Confira-se o seguinte excerto do parecer emitido pela Juíza Assessora da Corregedoria adotado in totum pelo Corregedora-Geral da Justiça do Estado do Rio Grande do Sul:

 

A questão envolvendo a OAB/RS, sua Comissão de Defesa, Assistência e Prerrogativas dos Advogados e a Magistrada ora representa, Dra.

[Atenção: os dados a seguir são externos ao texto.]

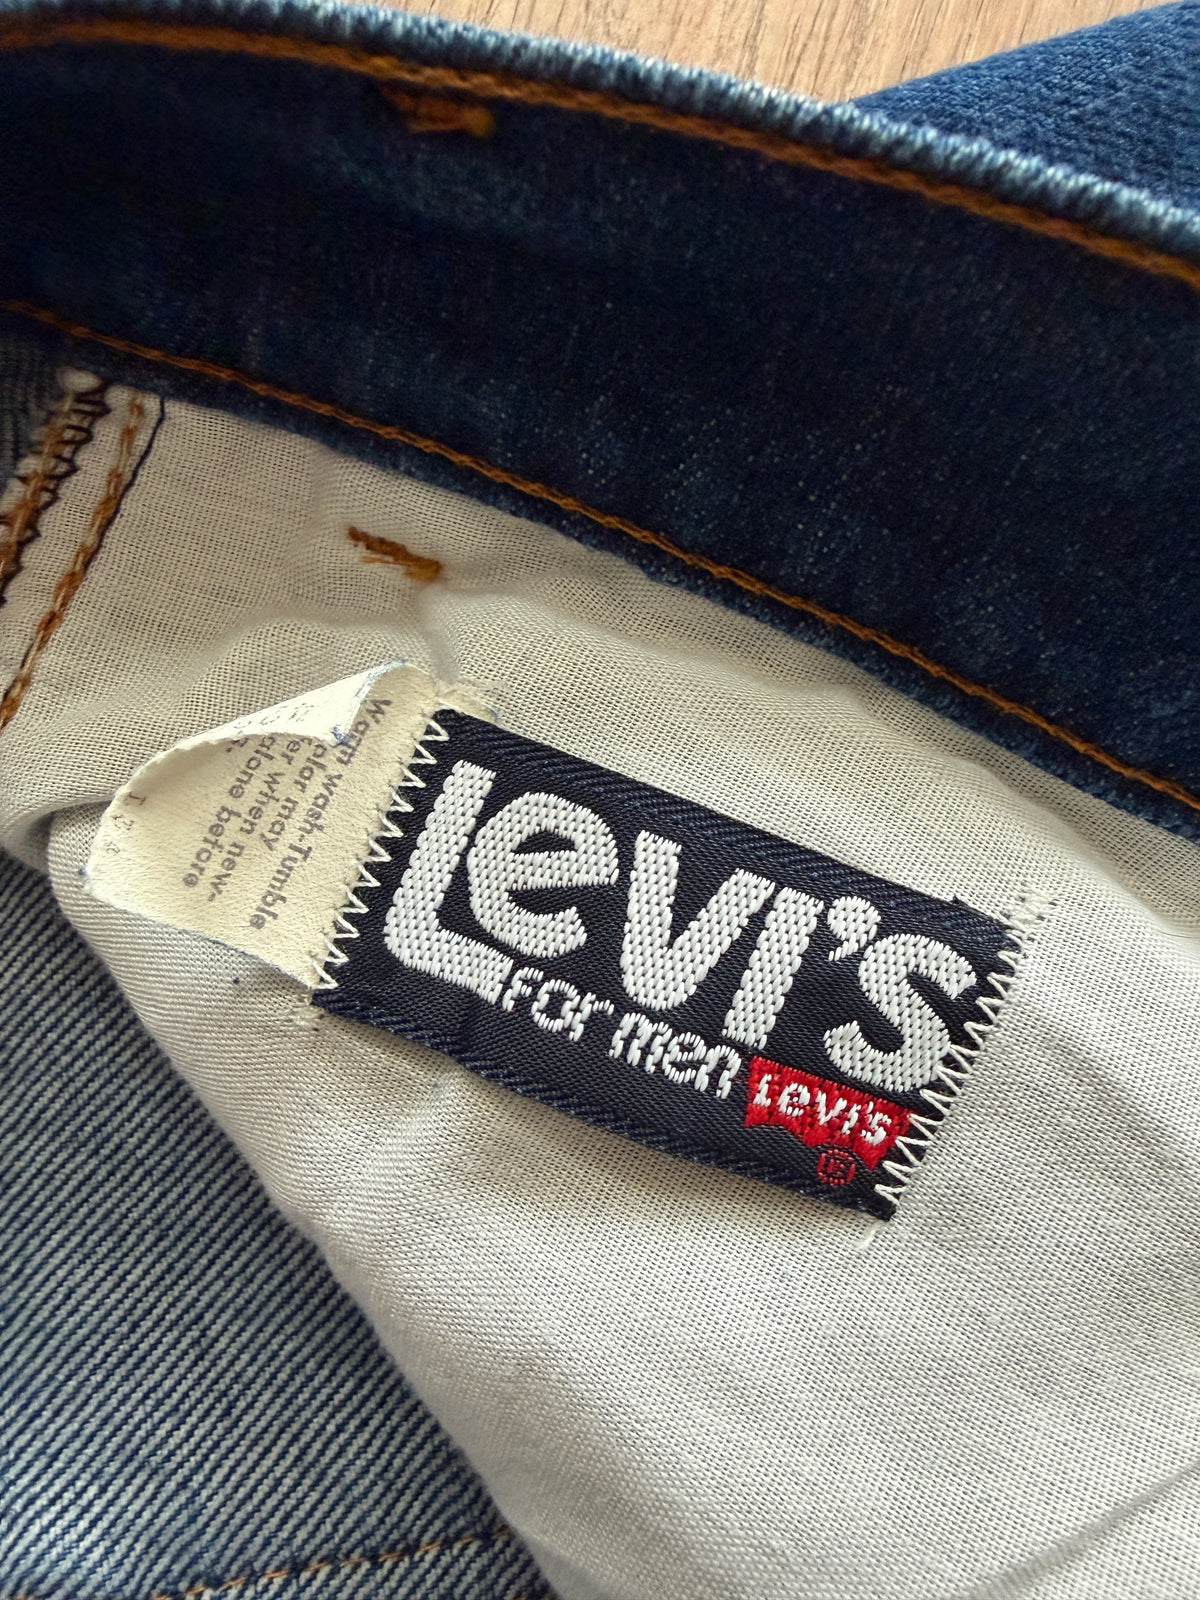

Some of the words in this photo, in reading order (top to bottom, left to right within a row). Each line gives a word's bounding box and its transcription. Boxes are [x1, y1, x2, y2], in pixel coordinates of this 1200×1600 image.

[228, 736, 276, 799] alone
[239, 772, 285, 834] when
[260, 797, 299, 851] may
[182, 806, 241, 888] before
[609, 1012, 742, 1099] men

Fabiana dos Santos Kaspary, não é nova.

De fato, já tramitaram 03 expedientes sobre o tema, dois nesta Casa (0010-11/002978-7 e 0010-15/003903-1) e um no próprio CNJ (0005725.77.2012.00.000).

Em todos eles, houve o arquivamento, sem imposição de qualquer sanção disciplinar à Magistrada, porque se entendeu que a questão era jurisdicional.

E, de novo, se há de reafirmar isso.

Das informações da Magistrada se vê que o entendimento reiteradamente esposado em suas decisões tem lastro em regras gramaticais, no sentido de que a conjunção ‘e’, na expressão receber e dar quitação não é o mesmo que ‘receber, dar quitação’, pois a vírgula, na segunda espécie, tem função gramatical diversa da conjunção ‘e’.

Ou seja, a Magistrada interpreta restritamente os poderes especiais conferidos pelo CPC. E o faz à luz de interpretação razoável (para dizer o mínimo) das regras gramaticais e da própria teleologia da lei, que, ao excepcionar poderes, exige que sejam interpretados restritivamente.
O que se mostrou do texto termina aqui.